Carolina estava no fogão, finalizando os preparativos para o jantar, não deixando contudo de observar a inquietação de João às voltas com o papel. Ela também estava muito inquieta com todo aquele mistério. “Custava colocar o nome do remetente no aviso? Bastava uma linha para evitar este suplício”, revoltava-se. Temia por umas fotos um tanto ousadas que um ex-namorado excêntrico batera dela na flor da juventude, pouco antes de conhecer João, que nunca soubera disso. Alguém poderia tê-las achado e resolvido fazer uma brincadeira de mal gosto. “Eu não saberei onde enfiar a cara se isto acontecesse!”, desesperava-se.
- Mas como eu vou fazer para buscar essa carta? – perguntou João.
- Acho que terei de ir eu, já que o correio só funciona no horário em que você está trabalhando. – propôs Carolina, tentando disfarçar a ansiedade de ver logo sua proposta aceita. Caso fossem mesmo as fotos comprometedoras, poderia se livrar delas sem maiores problemas.
- Eu não acho que você possa receber por mim. Veja, o aviso está no meu nome. – respondeu ressabiado João, desconfiando de algum ardil da esposa.
- Então como você vai fazer?
- Eu não sei... Bom, o jeito é você ir lá e tentar. – entregou-se João, dando-se por vencido, para felicidade da esposa.
No dia seguinte, João contou o estranho caso a Marcelo, companheiro de trabalho há anos, que afirmou não conhecer esta modalidade de entrega do correio, que não informava ao destinatário do que se tratava a encomenda tampouco quem a enviou. Achou tudo isso muito estranho e perguntou-lhe se não tinha idéia de onde poderia ter vindo aquela carta. Ouvindo a negativa de João, sobressaltou-se Marcelo, por haver diversas vezes cortejado Carolina, sem que esta houvesse dado trela a suas iniciativas. Como era o fato de conhecimento de todos no setor, visto que a fofoca se espalha mais no vento que a poeira, temeu que uma carta anônima pudesse pôr fim àquela amizade de muitos anos, que nem sua cobiça desenfreada conseguira destruir.

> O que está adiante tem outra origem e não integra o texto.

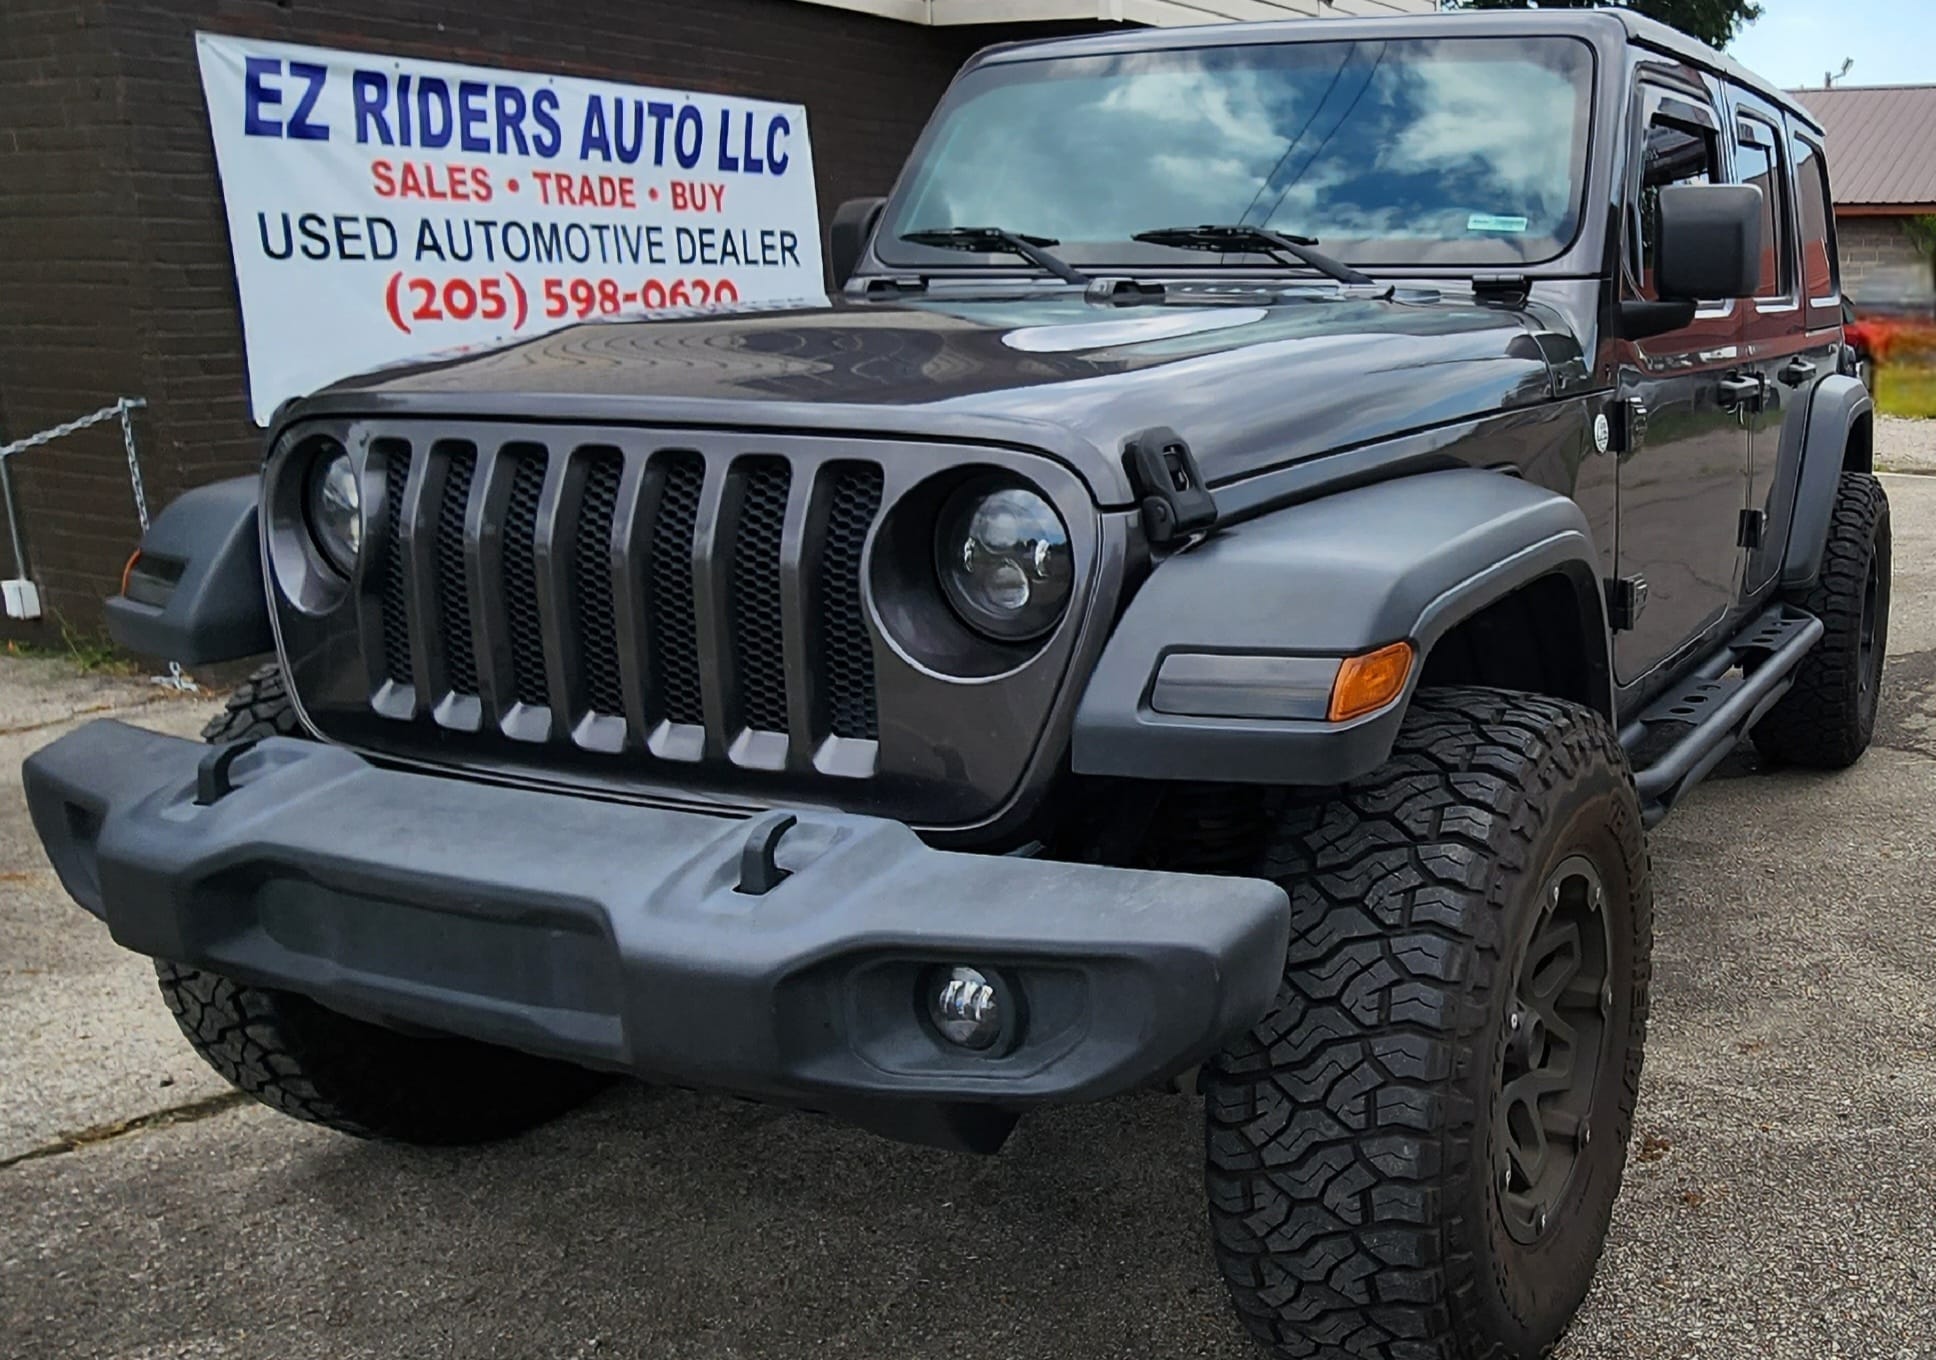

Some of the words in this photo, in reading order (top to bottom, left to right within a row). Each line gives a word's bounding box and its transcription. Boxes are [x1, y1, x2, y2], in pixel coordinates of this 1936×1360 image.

[244, 56, 330, 142] EZ
[352, 70, 562, 159] RIDERS
[579, 94, 704, 169] AUTO
[718, 108, 791, 177] LLC
[372, 160, 492, 203] SALES
[533, 171, 636, 209] TRADE
[671, 181, 725, 213] BUY
[257, 212, 398, 261] USED
[415, 218, 667, 264] AUTOMOTIVE
[675, 226, 801, 267] DEALER
[385, 272, 528, 333] (205)
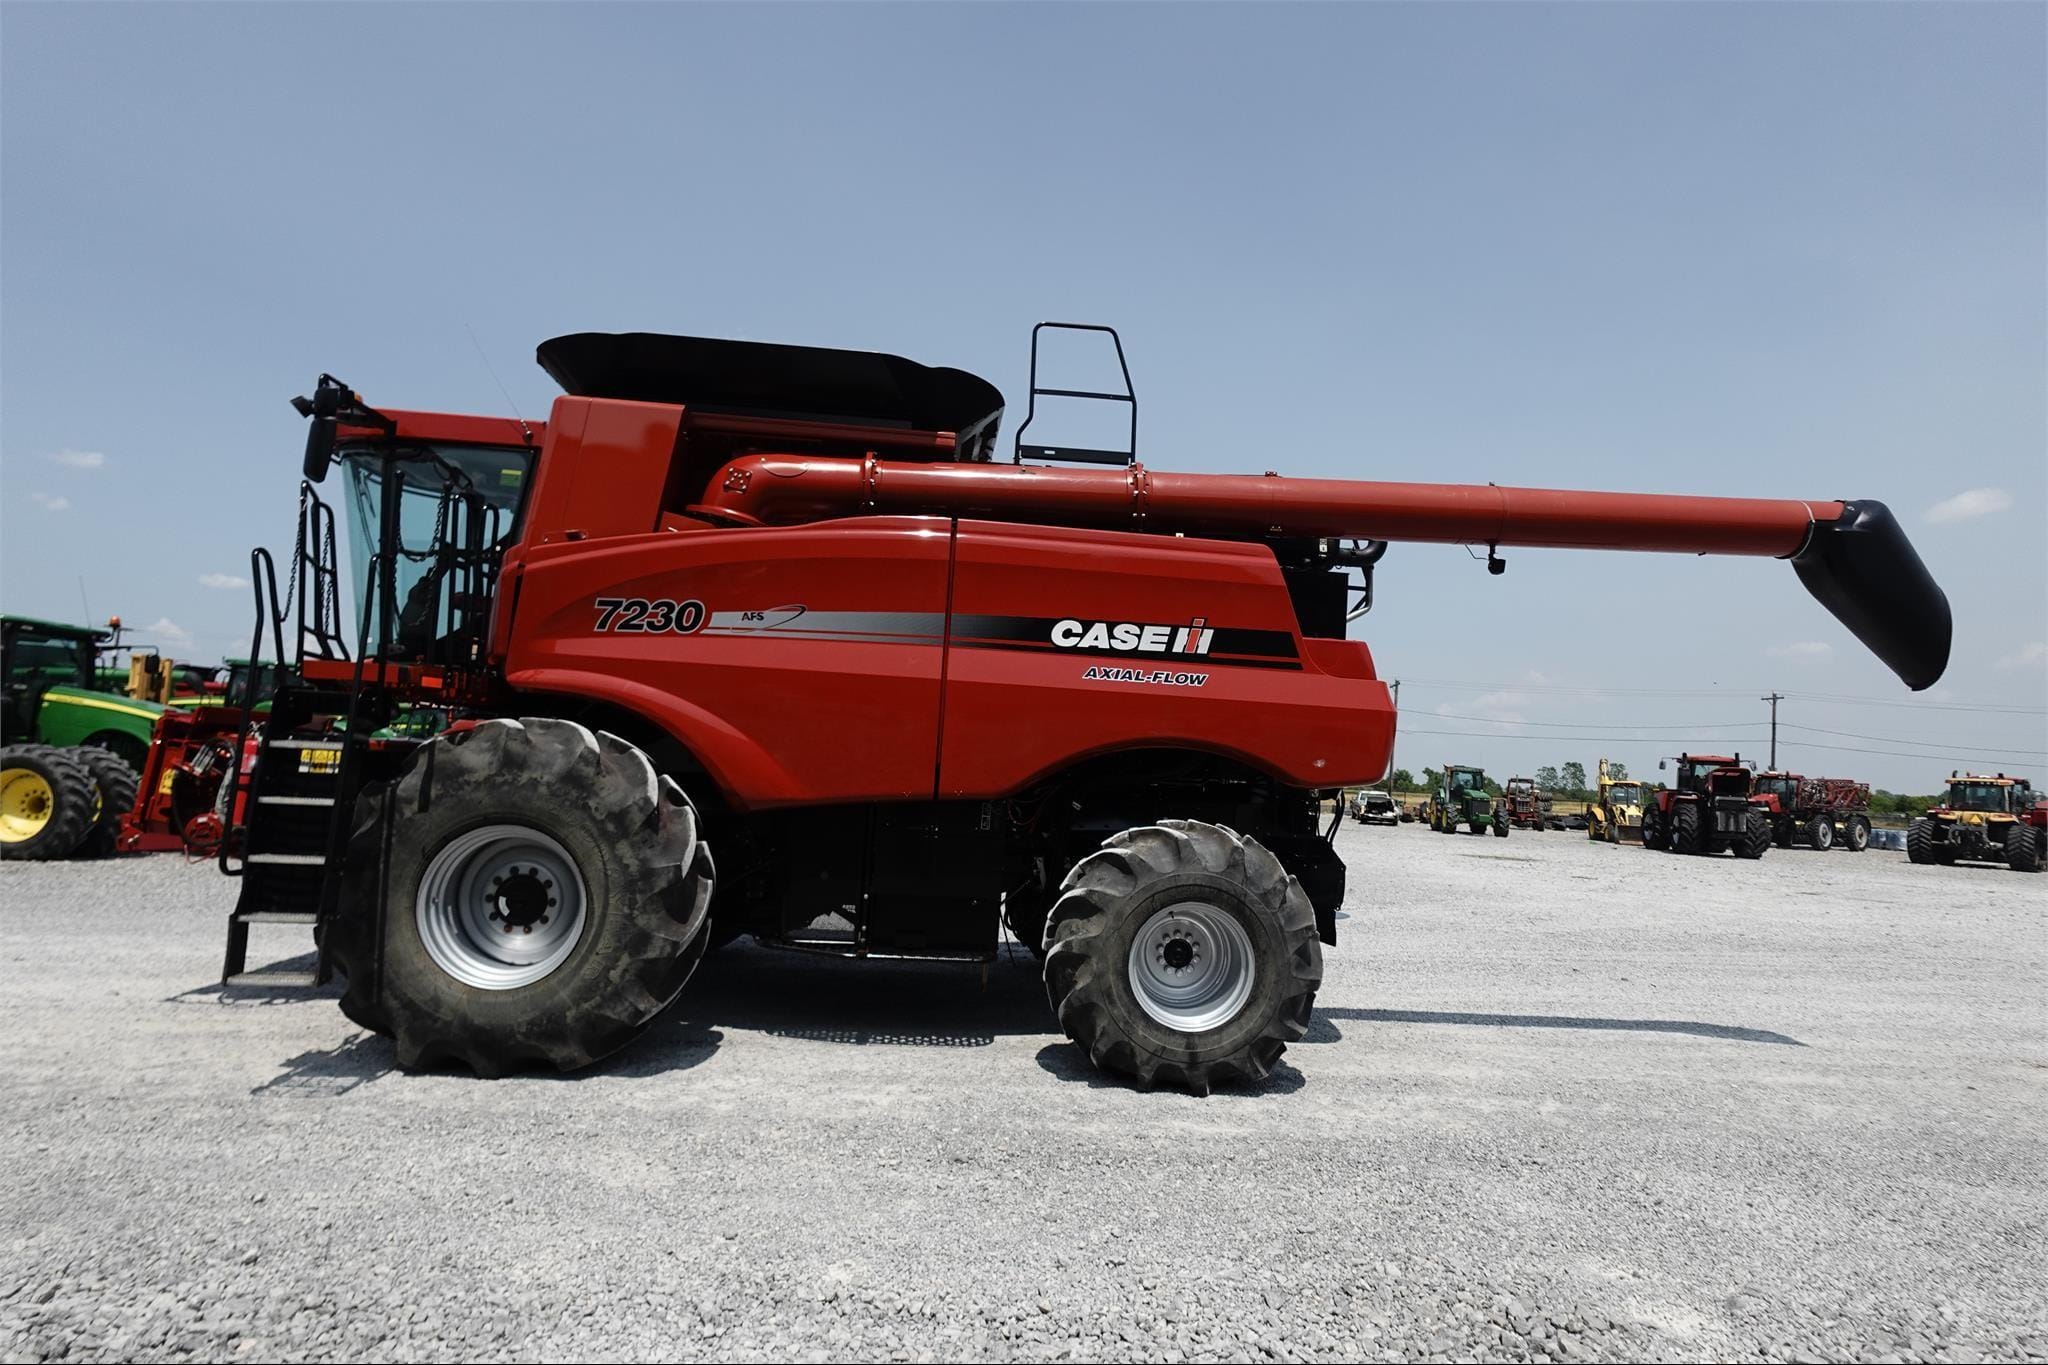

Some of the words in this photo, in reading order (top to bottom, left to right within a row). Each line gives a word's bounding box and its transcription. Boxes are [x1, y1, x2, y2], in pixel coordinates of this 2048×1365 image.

[594, 598, 706, 634] 7230
[741, 611, 765, 622] AFS
[1050, 619, 1172, 652] CASE
[1082, 666, 1209, 687] AXIAL-FLOW

Marcelo passou então a persuadir João a não ir buscar tal carta, dizendo que nunca ouvira falar de uma boa notícia que chegasse daquela forma, mas que somente as grandes desgraças exigem rufo de tambor e som de trombeta para se fazerem conhecidas. “Às vezes é melhor nem saber de certas coisas para se continuar a vida com paz e tranquilidade.”, dizia Marcelo. Vendo aquela mudança súbita de comportamente no amigo, ficou João desconfiado. Resolveu então fingir aceitar o conselho recebido e, para dar verossimilhança à sua encenação, pegou o telefone, fingiu discar para casa e ordenar a Carolina que não fosse ao correio buscar a tal carta. Marcelo sentiu-se muito aliviado e disse que o amigo havia tomado a melhor das decisões.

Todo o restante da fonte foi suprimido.